# Directions for this task
All of the data below should come back exactly as written, minus its images.

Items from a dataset
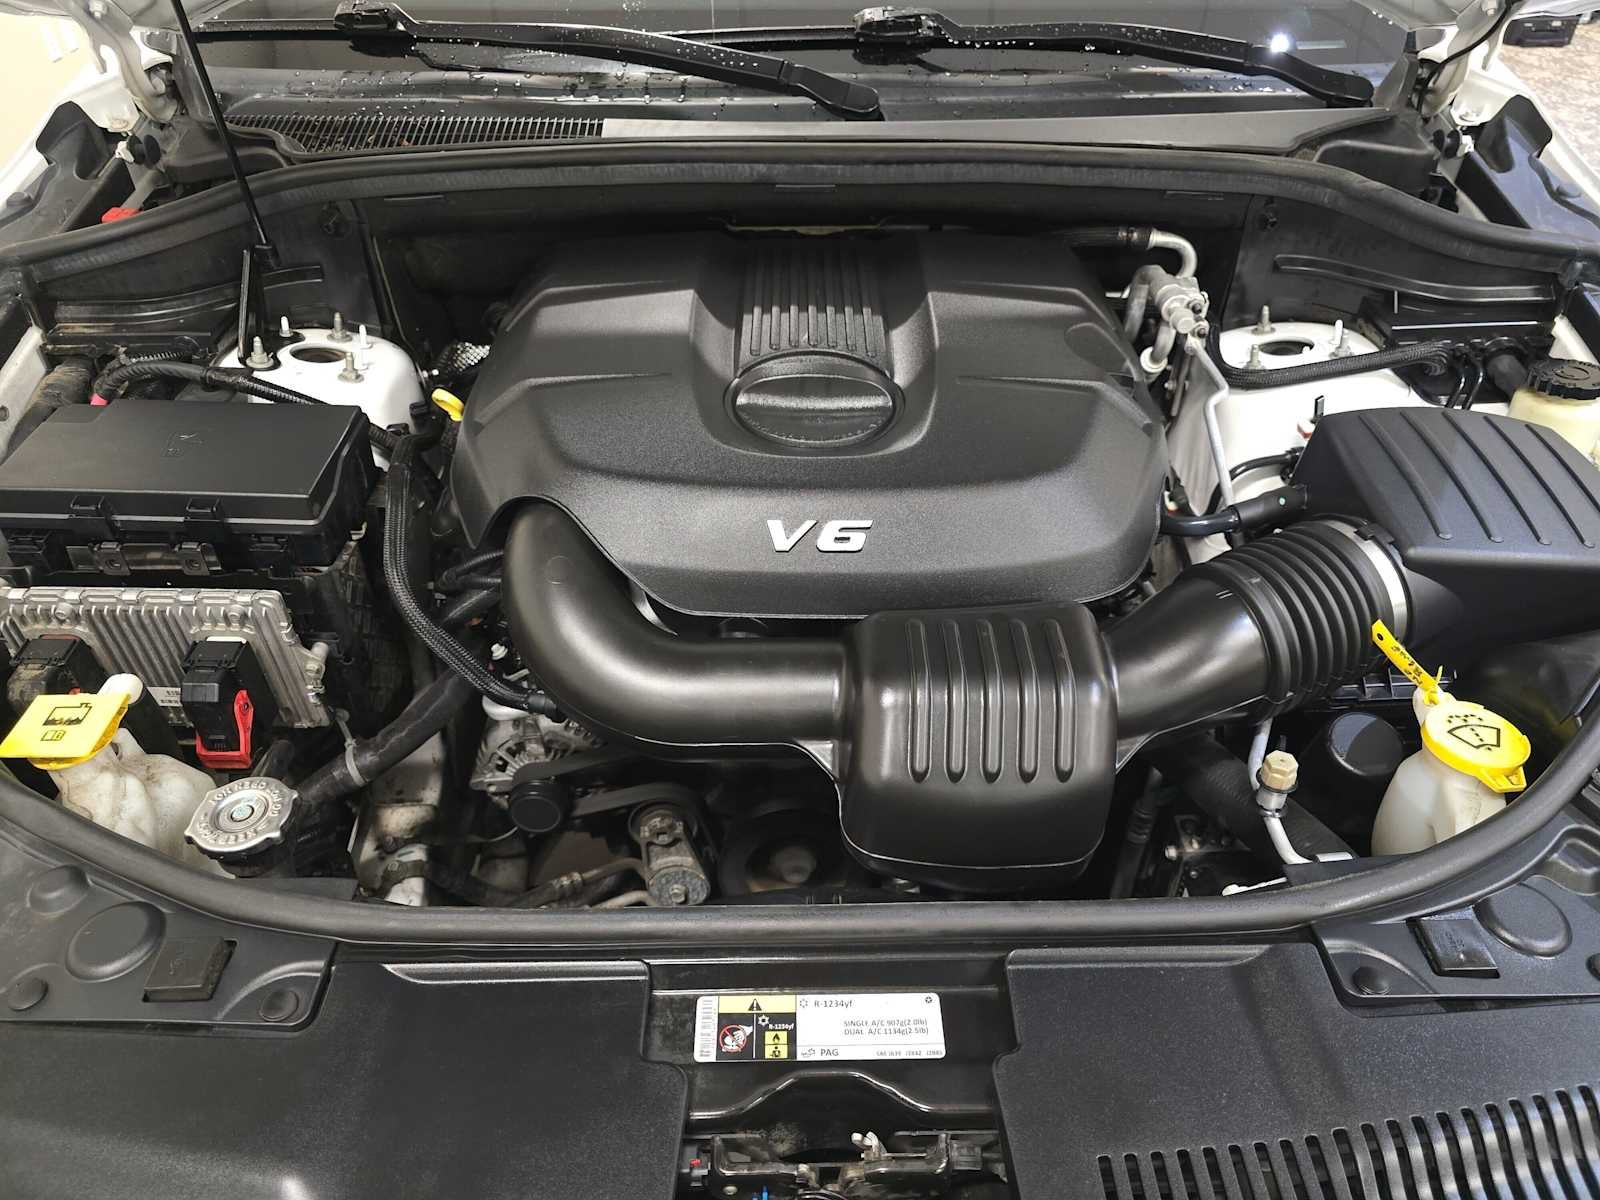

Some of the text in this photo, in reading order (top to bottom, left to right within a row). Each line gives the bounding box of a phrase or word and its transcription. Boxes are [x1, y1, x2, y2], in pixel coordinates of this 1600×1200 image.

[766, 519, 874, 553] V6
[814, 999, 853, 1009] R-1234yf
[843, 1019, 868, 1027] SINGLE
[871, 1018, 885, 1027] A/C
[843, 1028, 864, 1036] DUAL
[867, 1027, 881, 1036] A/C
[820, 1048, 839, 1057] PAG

# Exercise result
Some of the text in this photo, in reading order (top to bottom, left to right within a row). Each line gives the bounding box of a phrase or word and its transcription. Boxes are [x1, y1, x2, y2], in pixel coordinates of this 1600×1200 image.

[766, 519, 874, 553] V6
[814, 999, 853, 1009] R-1234yf
[843, 1019, 868, 1027] SINGLE
[871, 1018, 885, 1027] A/C
[843, 1028, 864, 1036] DUAL
[867, 1027, 881, 1036] A/C
[820, 1048, 839, 1057] PAG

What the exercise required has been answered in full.